== WHAT YOU WILL DO ==
The full listing, word for word and free of images, is the expected result.

-------- DATA RECORDS

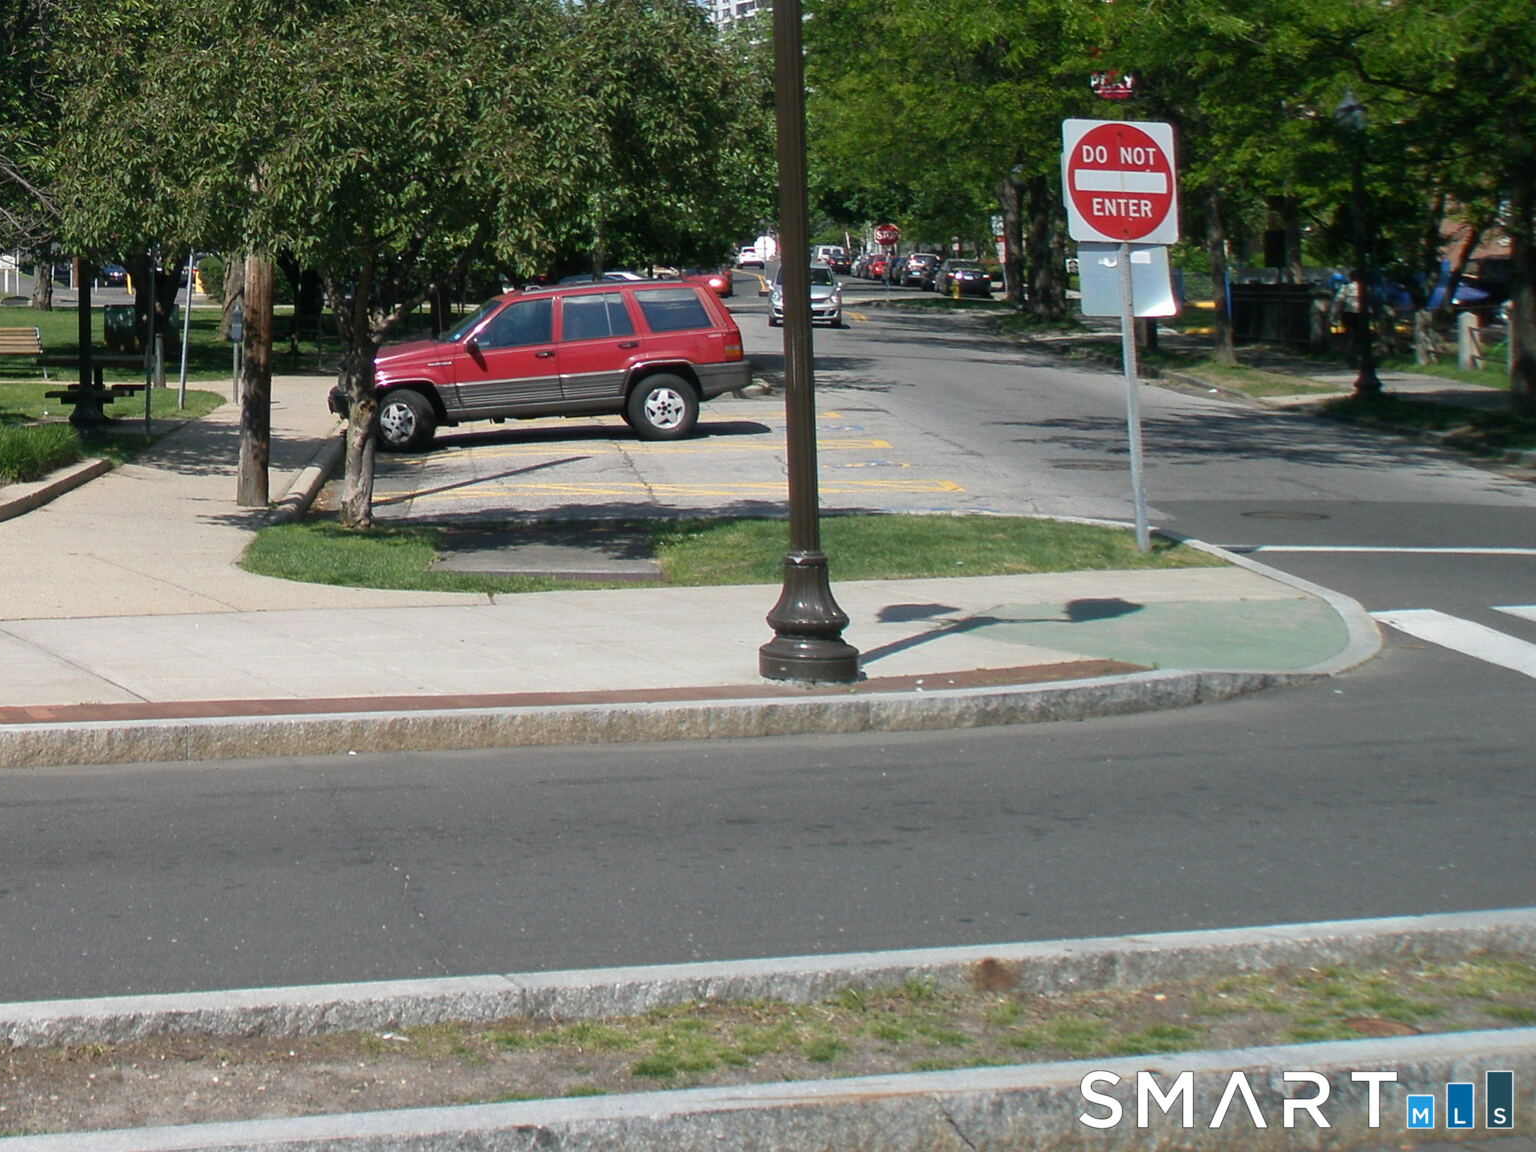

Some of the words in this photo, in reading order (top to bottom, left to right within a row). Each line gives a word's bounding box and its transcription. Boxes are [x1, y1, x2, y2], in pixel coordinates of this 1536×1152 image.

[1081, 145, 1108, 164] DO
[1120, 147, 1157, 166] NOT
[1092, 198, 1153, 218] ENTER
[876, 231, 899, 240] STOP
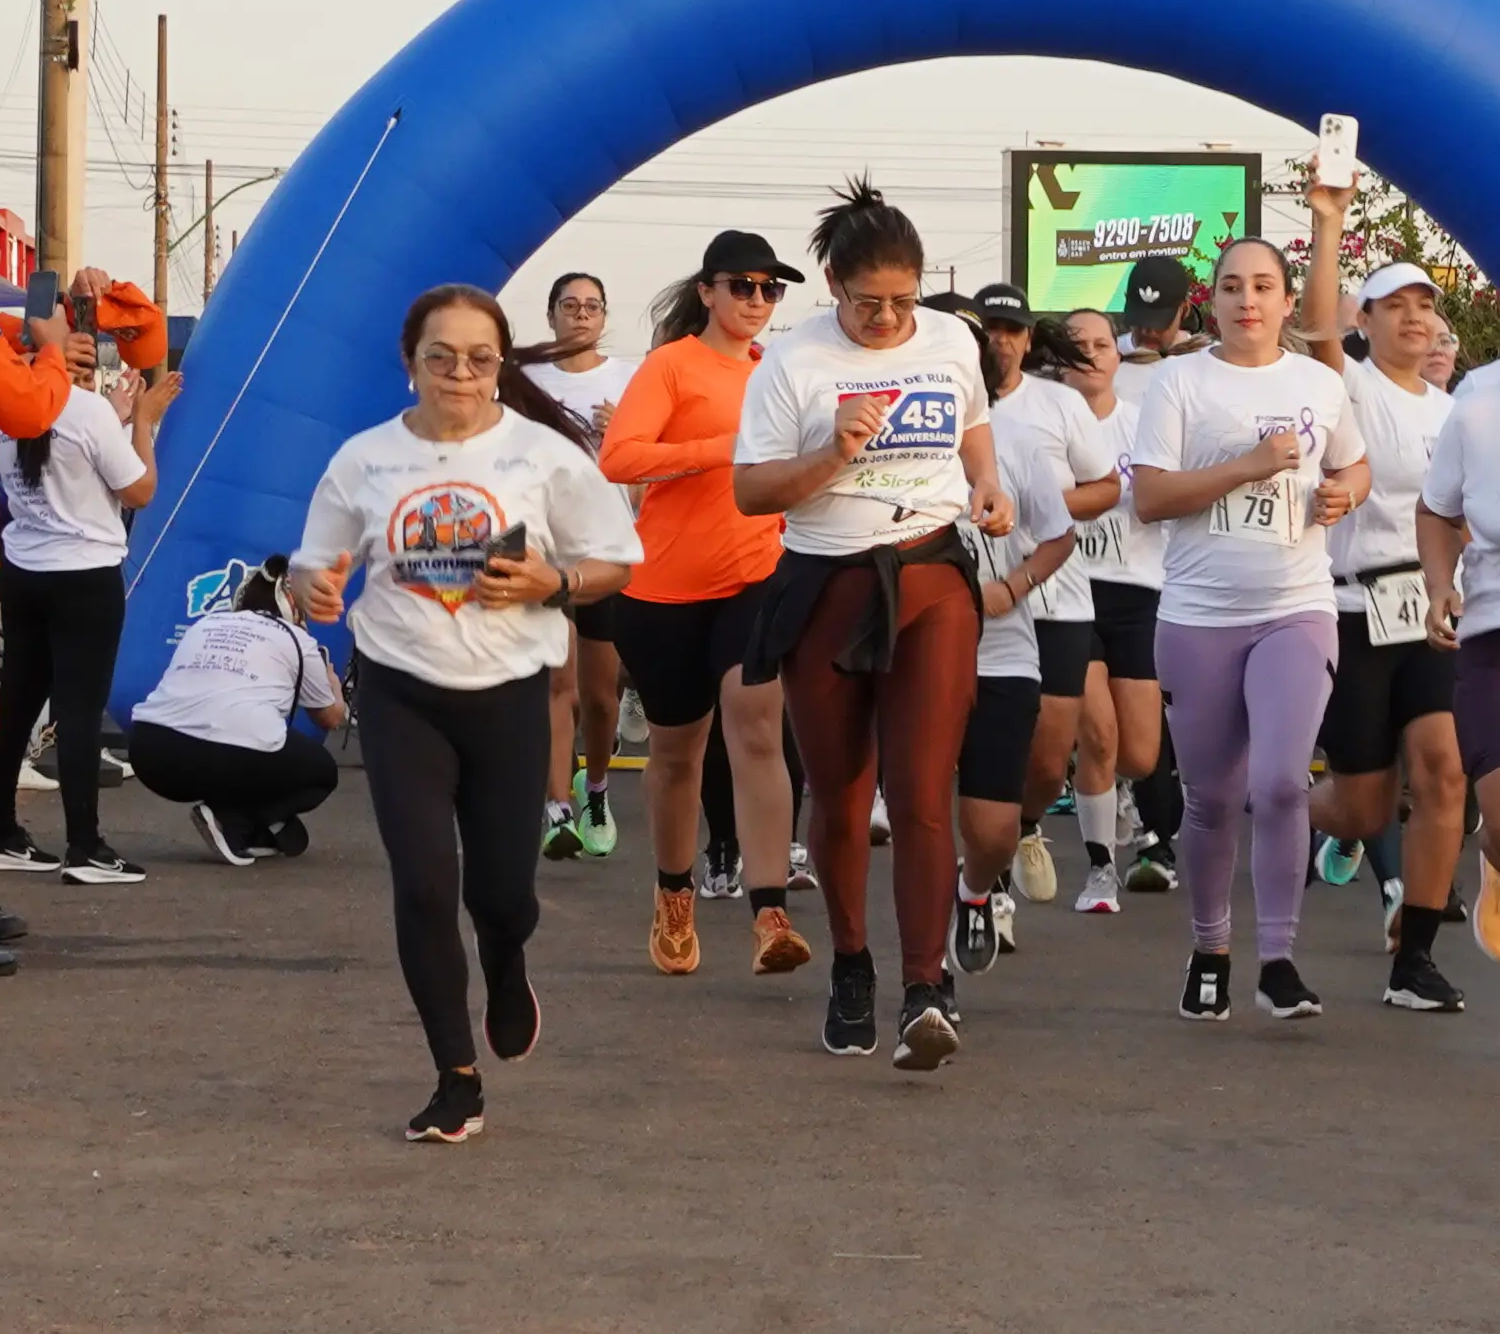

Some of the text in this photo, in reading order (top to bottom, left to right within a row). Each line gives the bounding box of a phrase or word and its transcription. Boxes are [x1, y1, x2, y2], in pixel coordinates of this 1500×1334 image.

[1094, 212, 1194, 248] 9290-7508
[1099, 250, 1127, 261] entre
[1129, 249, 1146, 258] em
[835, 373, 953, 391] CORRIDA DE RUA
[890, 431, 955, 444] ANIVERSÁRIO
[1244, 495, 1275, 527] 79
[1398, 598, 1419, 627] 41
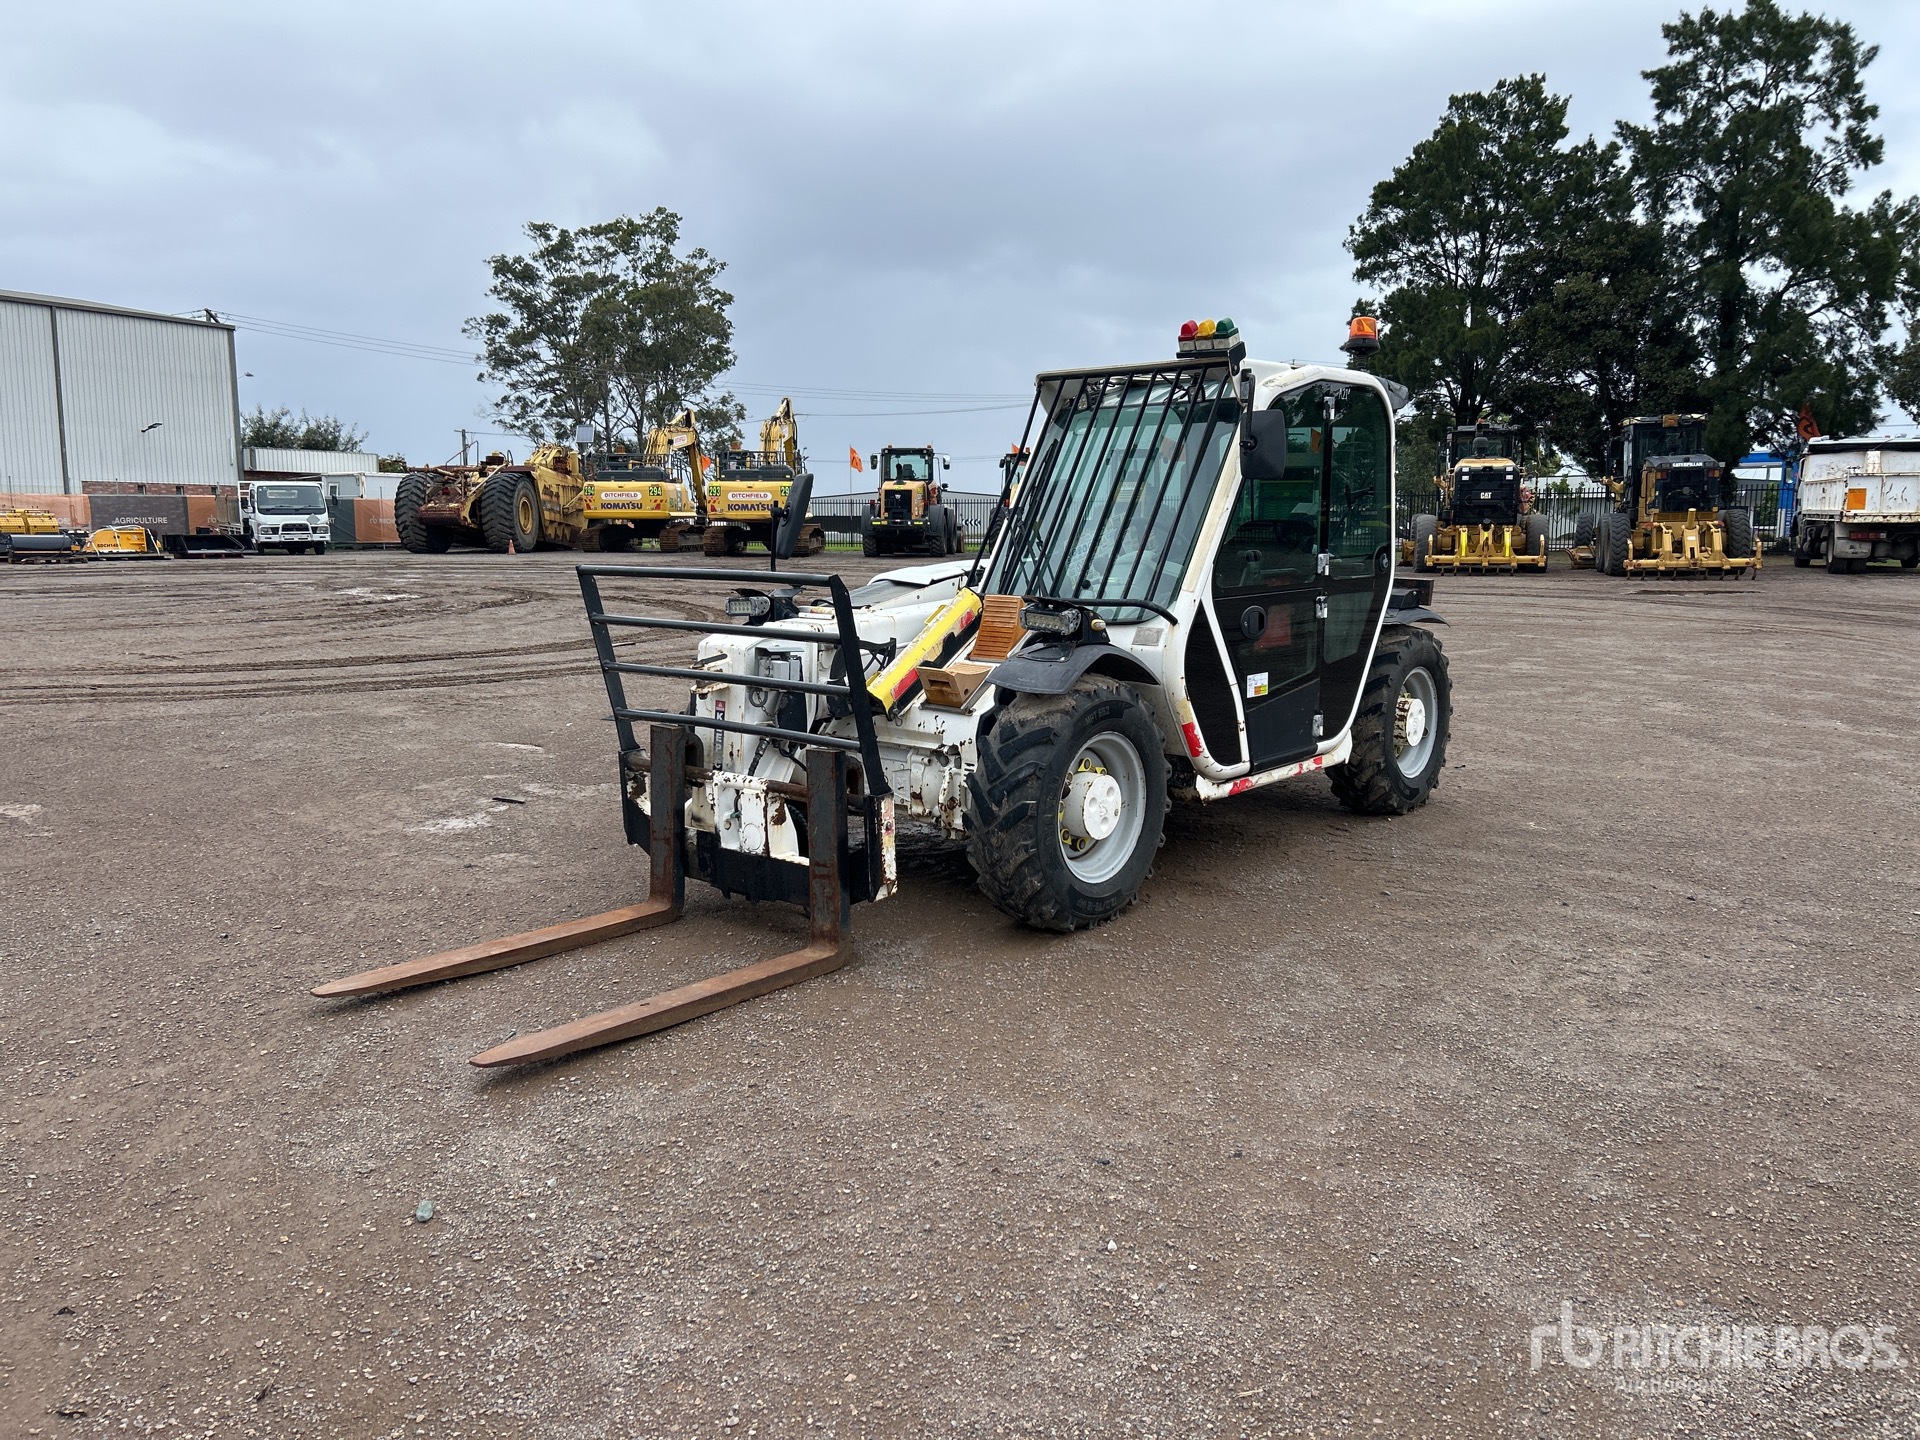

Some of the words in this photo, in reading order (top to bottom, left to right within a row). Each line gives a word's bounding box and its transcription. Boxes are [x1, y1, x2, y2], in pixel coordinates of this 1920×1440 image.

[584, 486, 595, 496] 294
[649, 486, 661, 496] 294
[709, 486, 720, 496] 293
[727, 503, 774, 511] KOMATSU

----------------

== RESULT ==
Some of the words in this photo, in reading order (top to bottom, left to right within a row). Each line gives a word's bounding box and its transcription. Boxes are [x1, y1, x2, y2], in pixel coordinates of this 1536×1152 image.

[1081, 145, 1108, 164] DO
[1120, 147, 1157, 166] NOT
[1092, 198, 1153, 218] ENTER
[876, 231, 899, 240] STOP

Some of the text in this photo, in reading order (top to bottom, left to right within a row). Each line gives the bounding box of a phrase or word and its transcription. Boxes are [x1, y1, x2, y2], in pixel coordinates of this 1500×1334 image.

[1094, 212, 1194, 248] 9290-7508
[1099, 250, 1127, 261] entre
[1129, 249, 1146, 258] em
[835, 373, 953, 391] CORRIDA DE RUA
[890, 431, 955, 444] ANIVERSÁRIO
[1244, 495, 1275, 527] 79
[1398, 598, 1419, 627] 41

Some of the words in this photo, in reading order (top to bottom, left to right within a row). Each line gives a word's bounding box and its transcription. Boxes are [x1, y1, x2, y2], in pixel coordinates of this 1920×1440 image.

[584, 486, 595, 496] 294
[649, 486, 661, 496] 294
[709, 486, 720, 496] 293
[727, 503, 774, 511] KOMATSU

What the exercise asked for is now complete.